Hi, my name is Praveena.
For as long as I can remember, I wanted to be a pediatrician. It just made sense. I loved babies—they were tiny, fragile, and perfect. I had a knack for calming them down, even when they were at their fussiest. During my training, I became the go-to person for all the tough jobs. Setting difficult IV lines? No problem. Handling the most distressed newborns? I was on it. Everyone assumed I’d end up in pediatrics, and honestly, I thought so too.
Then I became a mother—and everything changed.
When I held my baby for the first time, it felt like my heart cracked open. I’d been around so many babies before, but this was different. This was my baby. The love I felt was overwhelming, but so was the fear. Suddenly, I saw all the things that could go wrong, all the tiny ways the world felt unsafe.
At first, I thought it was just a new-mom phase. I told myself, “Give it time, you’ll get back to your old self.” But as the months passed, I realized I was different now. I started avoiding shifts where I’d have to work with babies. When I couldn’t avoid them, I’d hesitate—something I never used to do. My hands felt shaky when I was setting IV lines, and I couldn’t stop second-guessing myself. I kept thinking, What if I mess this up? What if I hurt them?
As a doctor, I was great with kids in the moments I had with them. I’d reassure them when they were scared, tell them a quick story to distract them, and somehow get the job done, whether it was setting a line or stitching a wound. But as a parent, it’s not just about those moments. It’s every single day. Every tear, every worry, every need—I had to be there and face it, no matter how tired or unsure I felt. There was no clocking out, no handing over care to someone else.
For a while, I didn’t tell anyone.

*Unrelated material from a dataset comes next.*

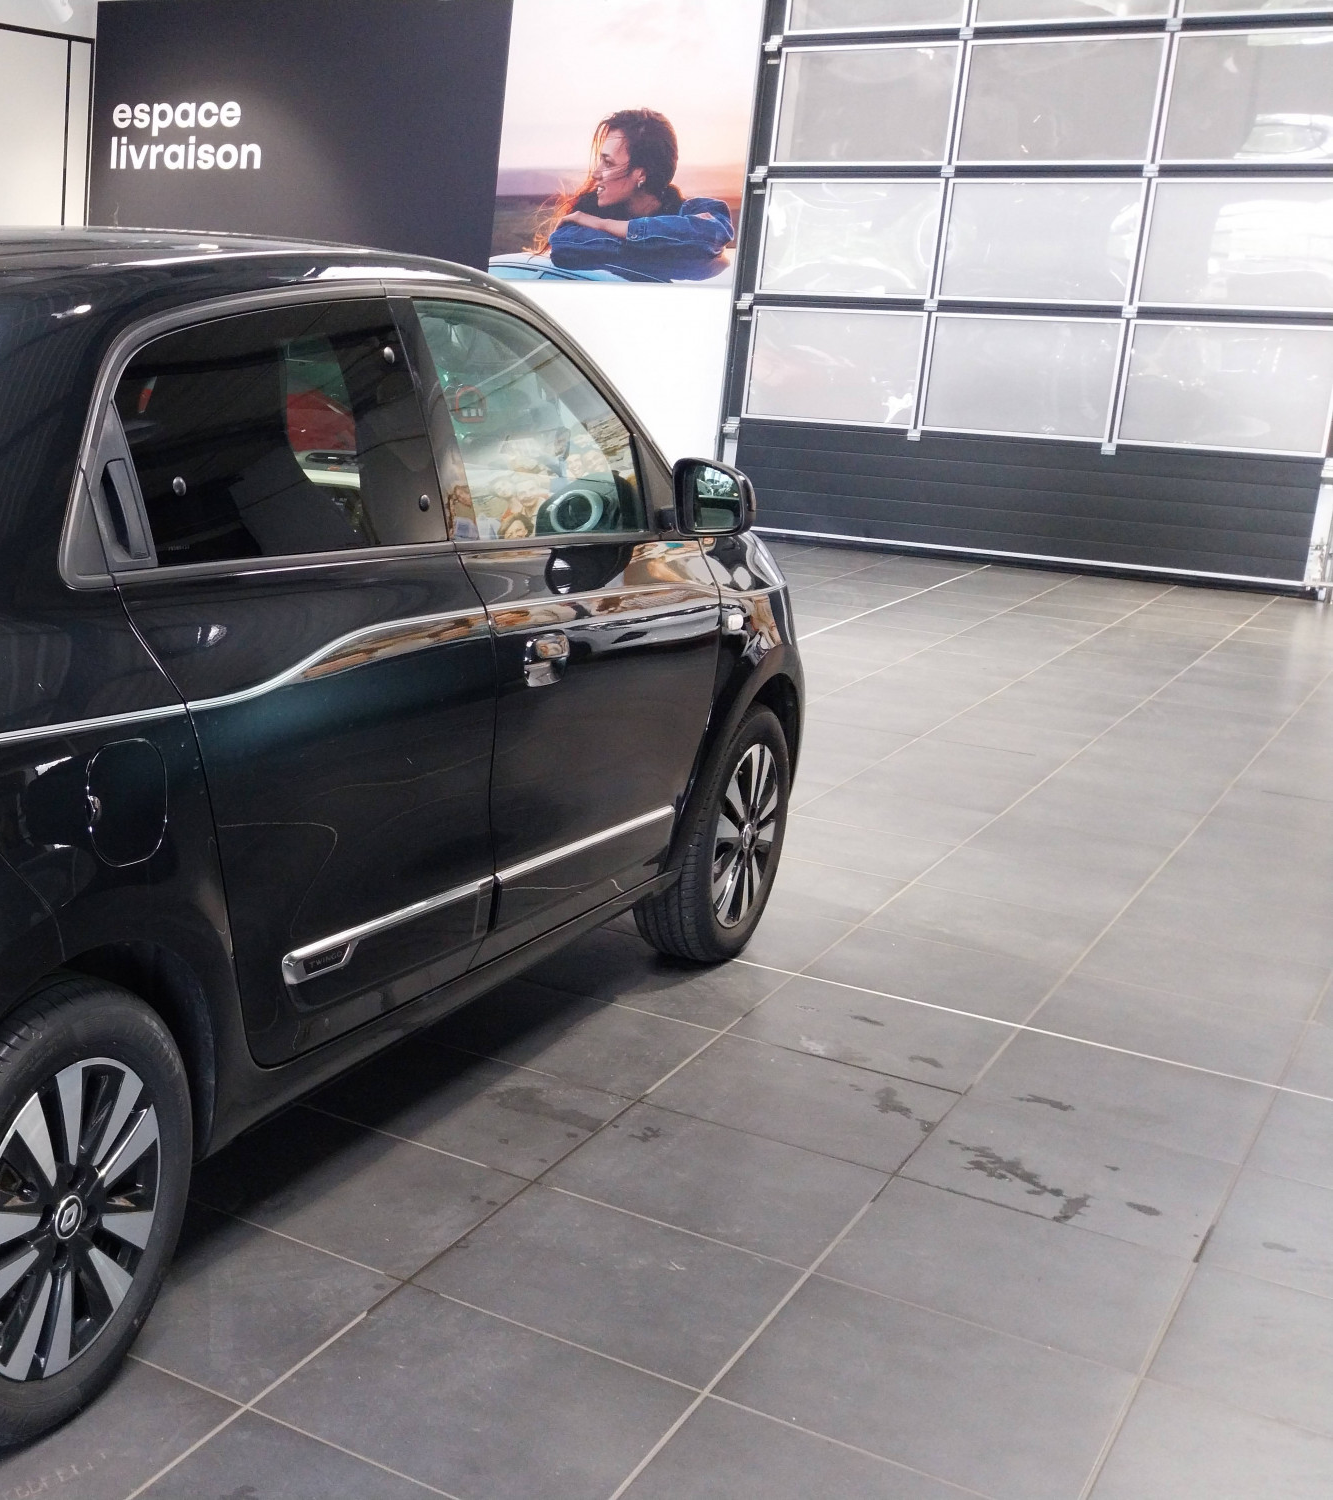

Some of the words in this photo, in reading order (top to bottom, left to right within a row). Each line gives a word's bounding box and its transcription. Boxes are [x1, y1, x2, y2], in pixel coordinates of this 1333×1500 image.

[112, 101, 242, 136] espace
[110, 135, 262, 170] livraison
[309, 950, 343, 969] TWINGO

I was afraid of what people might think. How could I, a doctor, admit that I was scared of babies? It felt ridiculous, even to me.

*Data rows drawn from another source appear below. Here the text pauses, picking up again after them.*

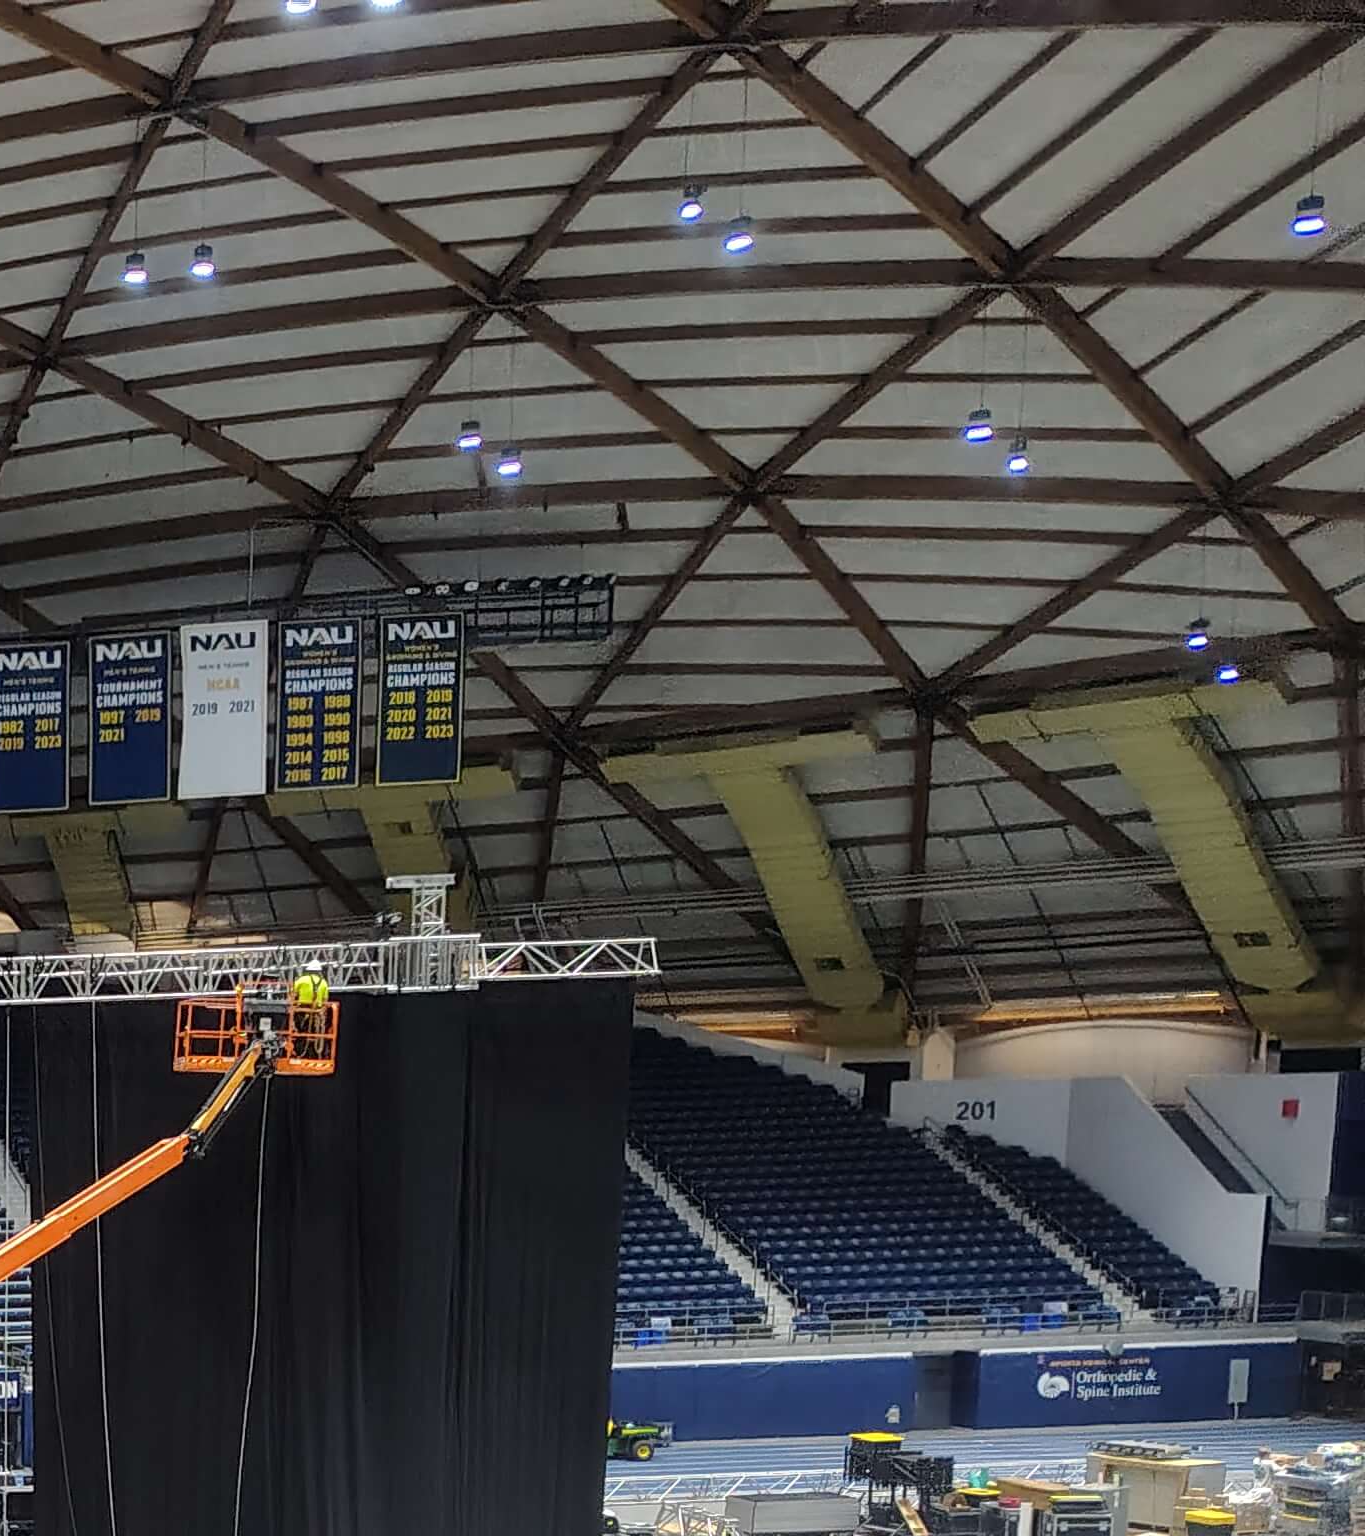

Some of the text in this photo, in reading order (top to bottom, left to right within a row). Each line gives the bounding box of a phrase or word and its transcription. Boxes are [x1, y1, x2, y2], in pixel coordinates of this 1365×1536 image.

[285, 626, 353, 647] NAU
[388, 621, 455, 641] NAU
[190, 633, 256, 652] NAU
[96, 640, 162, 662] NAU
[96, 679, 163, 693] TOURNAMENT
[285, 678, 353, 694] CHAMPIONS
[387, 672, 455, 687] CHAMPIONS
[33, 691, 61, 700] SEASON
[96, 692, 163, 708] CHAMPIONS
[192, 701, 255, 716] 2019 2021
[387, 707, 451, 722] 2020 2021
[35, 719, 59, 732] 2017
[386, 725, 453, 740] 2022 2023
[35, 736, 61, 749] 2023
[99, 729, 124, 743] 2021
[285, 751, 312, 764] 2014
[321, 767, 347, 781] 2017
[956, 1101, 997, 1121] 201
[1077, 1368, 1157, 1385] Orthopedic &
[1076, 1384, 1161, 1401] Spine Institute
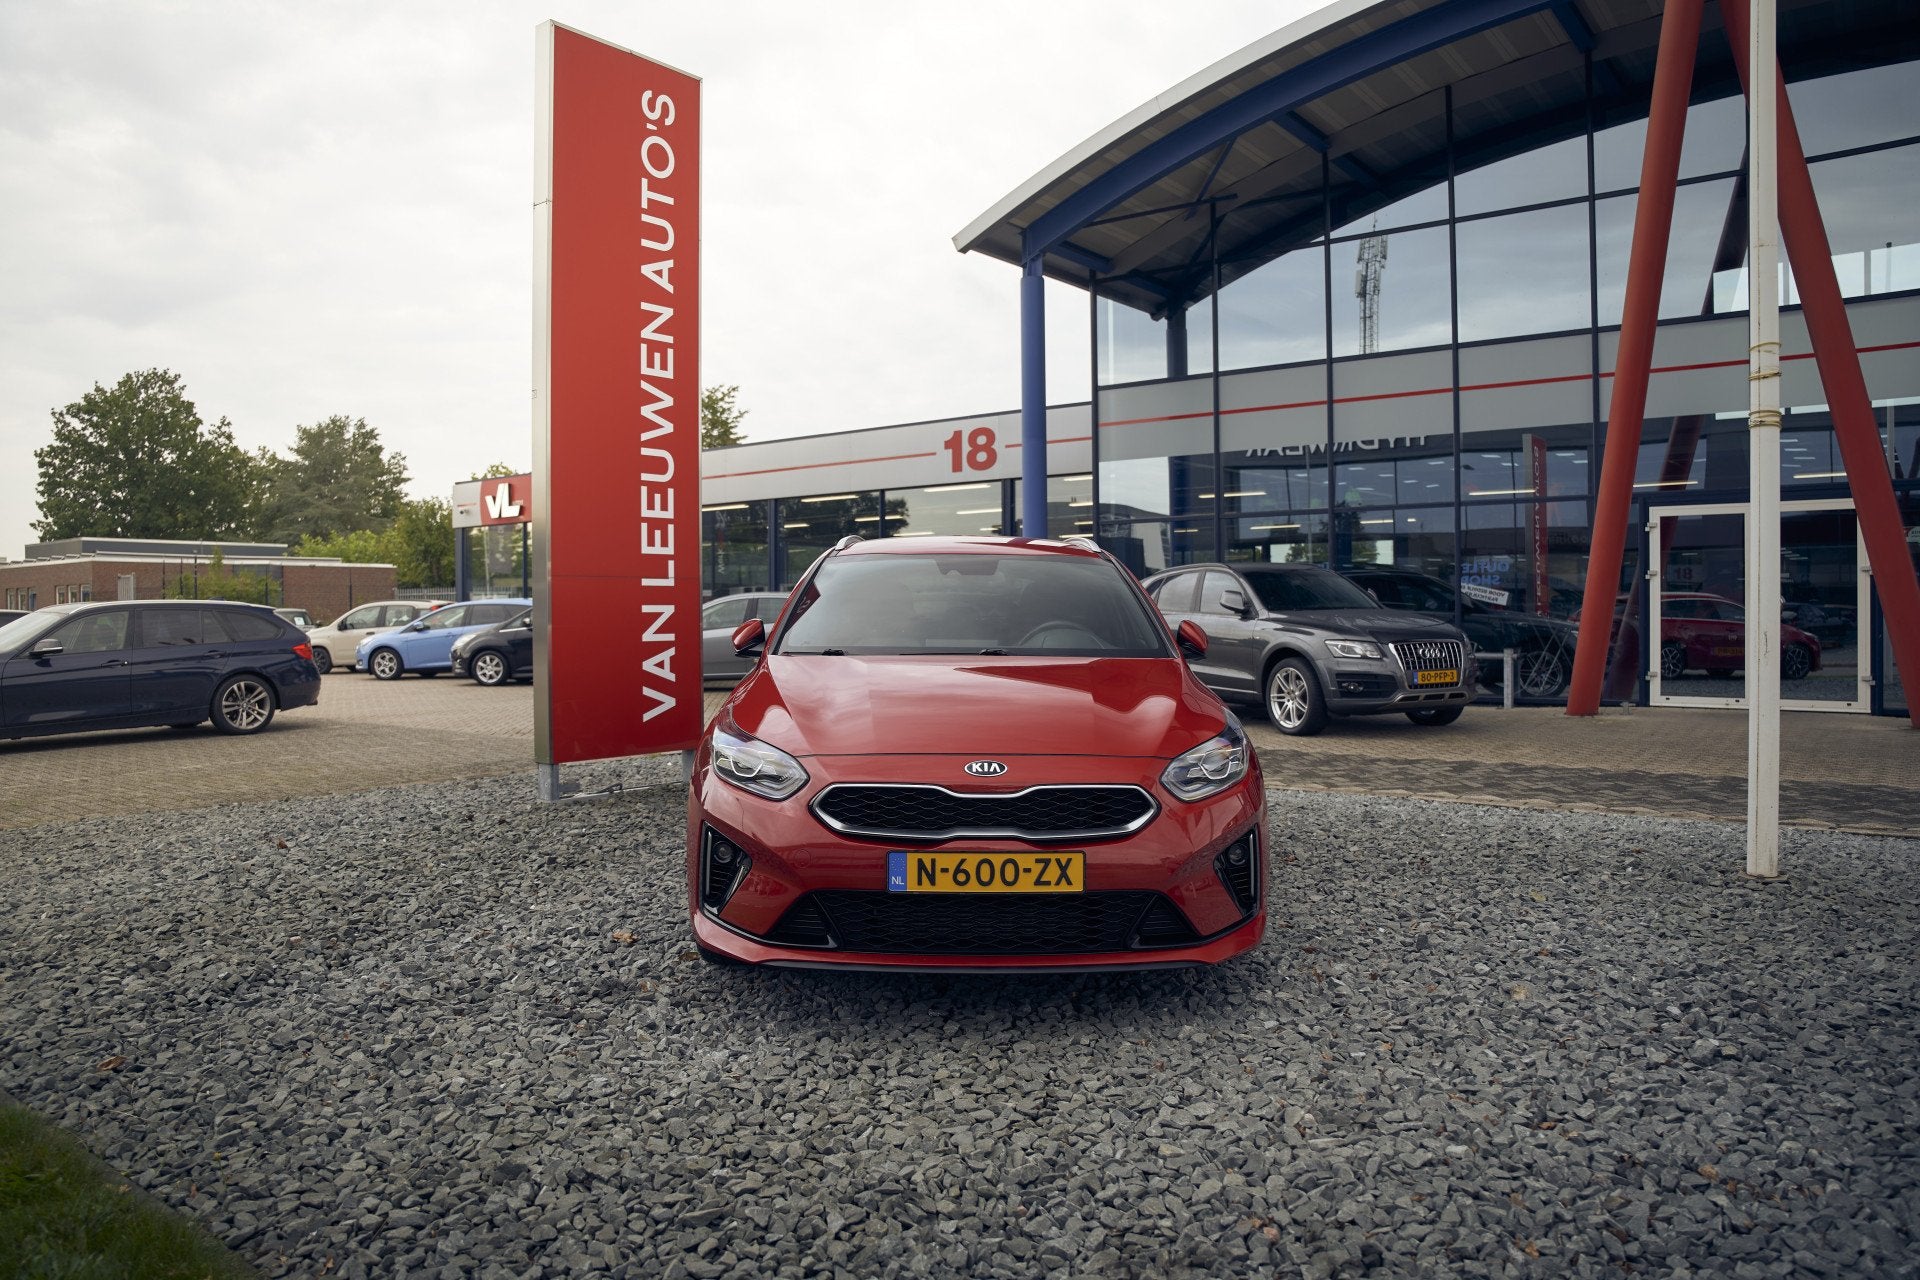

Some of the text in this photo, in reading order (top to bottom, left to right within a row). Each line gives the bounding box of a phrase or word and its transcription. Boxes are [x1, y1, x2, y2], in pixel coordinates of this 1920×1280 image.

[640, 89, 677, 722] VAN LEEUWEN AUTO'S
[943, 427, 998, 473] 18
[1420, 671, 1455, 683] 80-PFP-3
[971, 762, 1001, 773] KIA
[891, 857, 1073, 887] NL N-600-ZX

One night, after a particularly hard day, I was scrolling through my phone while rocking my baby to sleep. I stumbled across a Reddit group for healthcare workers who were also parents. Honestly, I don’t even know what I was looking for—maybe reassurance, maybe just a sign that I wasn’t losing my mind. And there it was. Post after post from doctors and nurses sharing stories that sounded exactly like mine. They talked about how becoming parents had made them see things differently, how it sometimes made them more cautious, even scared. I wasn’t the only one.

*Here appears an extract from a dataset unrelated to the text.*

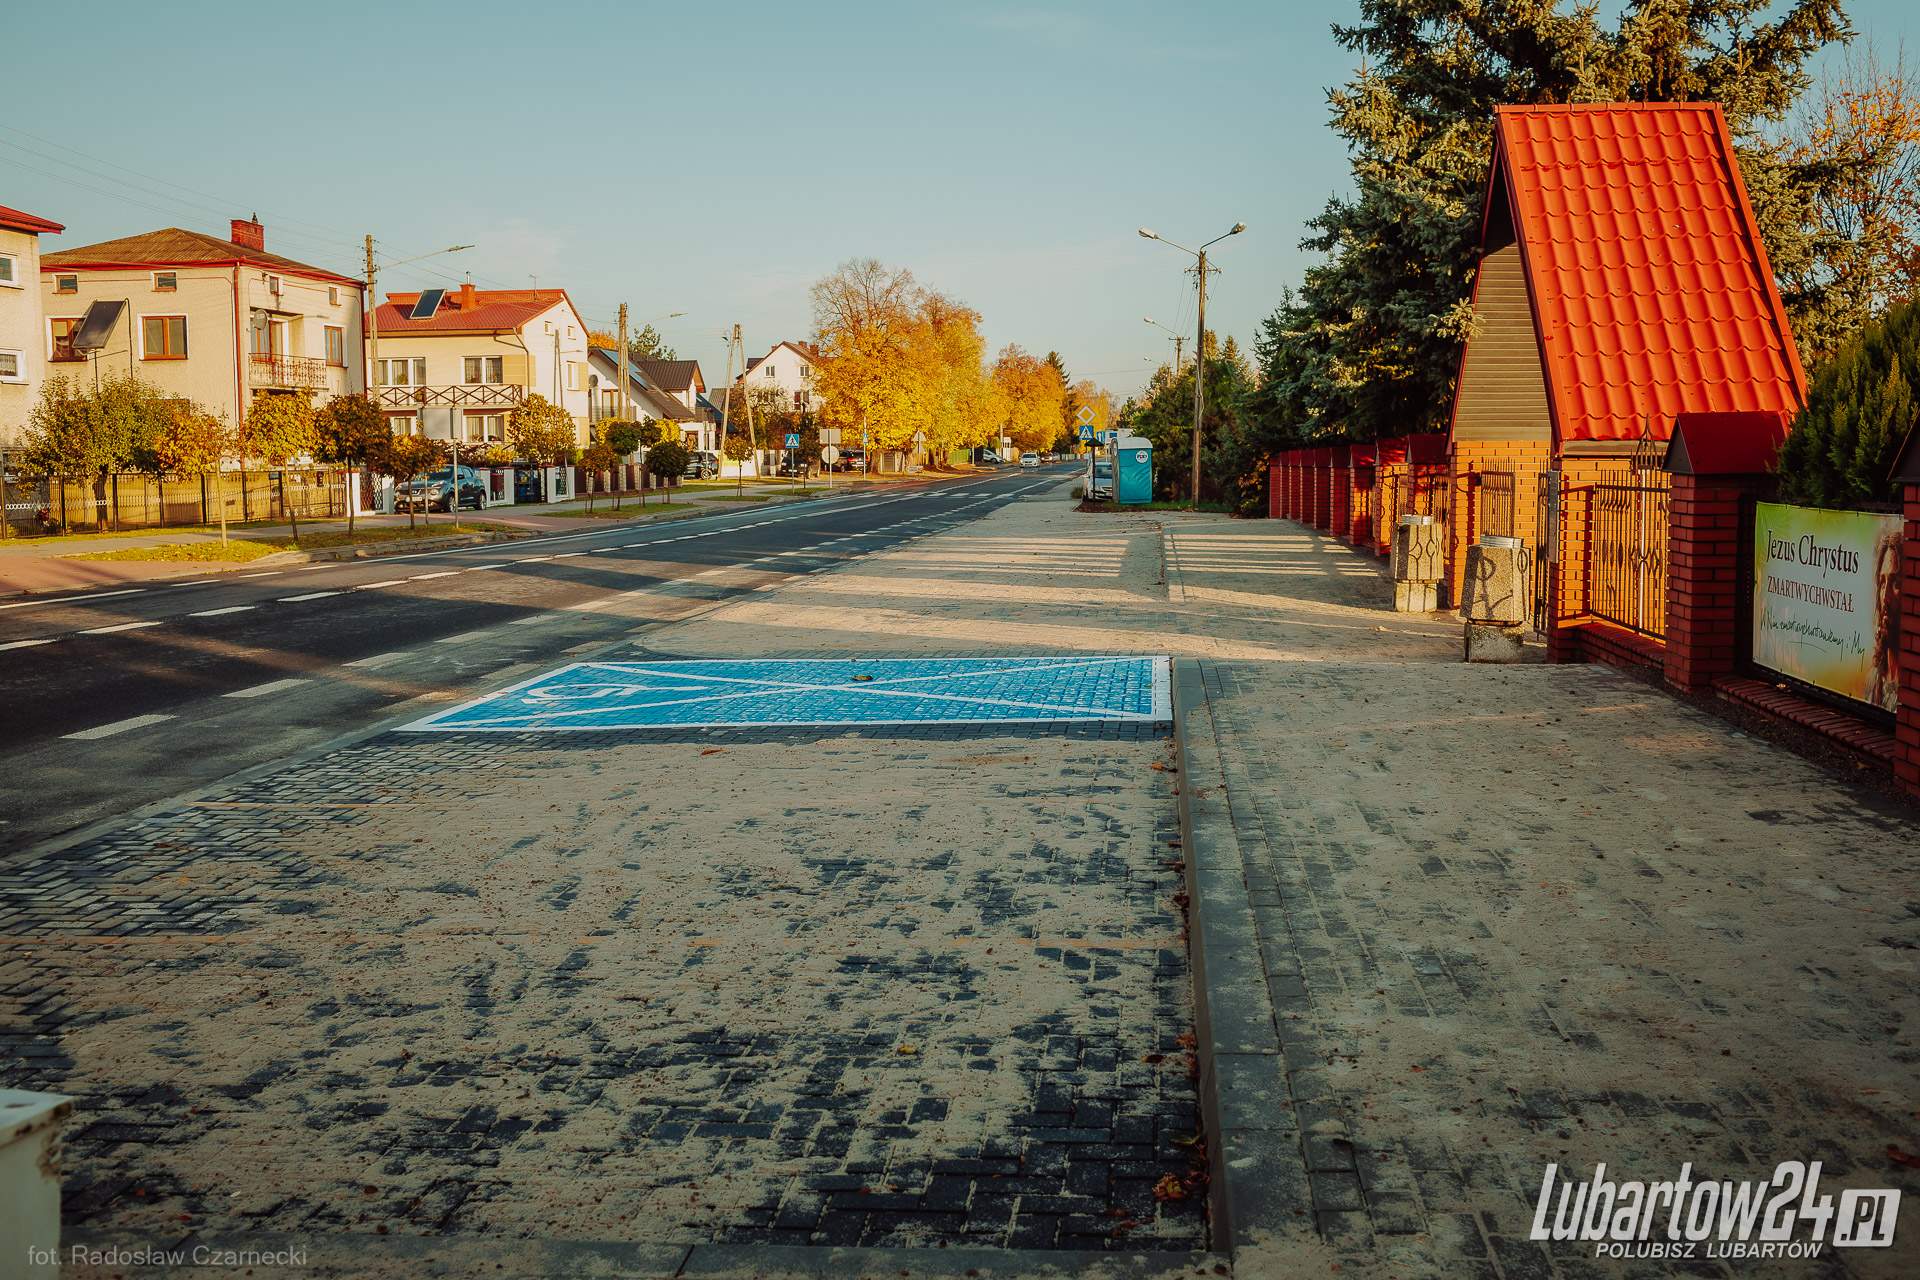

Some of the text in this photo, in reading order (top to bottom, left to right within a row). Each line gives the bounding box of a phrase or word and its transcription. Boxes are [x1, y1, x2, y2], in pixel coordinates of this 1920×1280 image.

[1766, 529, 1859, 578] Jezus Chrystus
[1767, 575, 1855, 613] ZMARTWYCHWSTAŁ

Reading their stories felt like a lifeline. For the first time, I didn’t feel so isolated. I even worked up the courage to share my own story, and the responses were so kind and supportive. People told me they’d felt the same way, that it was okay to feel this way. It was the validation I didn’t realize I needed.
Becoming a mom changed me in ways I never expected. It made me softer, more empathetic—but also more vulnerable. And while I still miss the fearless doctor I used to be, I’m learning to embrace this new version of myself. It’s not better or worse—it’s just different. And that’s okay.
Have you experienced a life-changing moment that reshaped your perspective?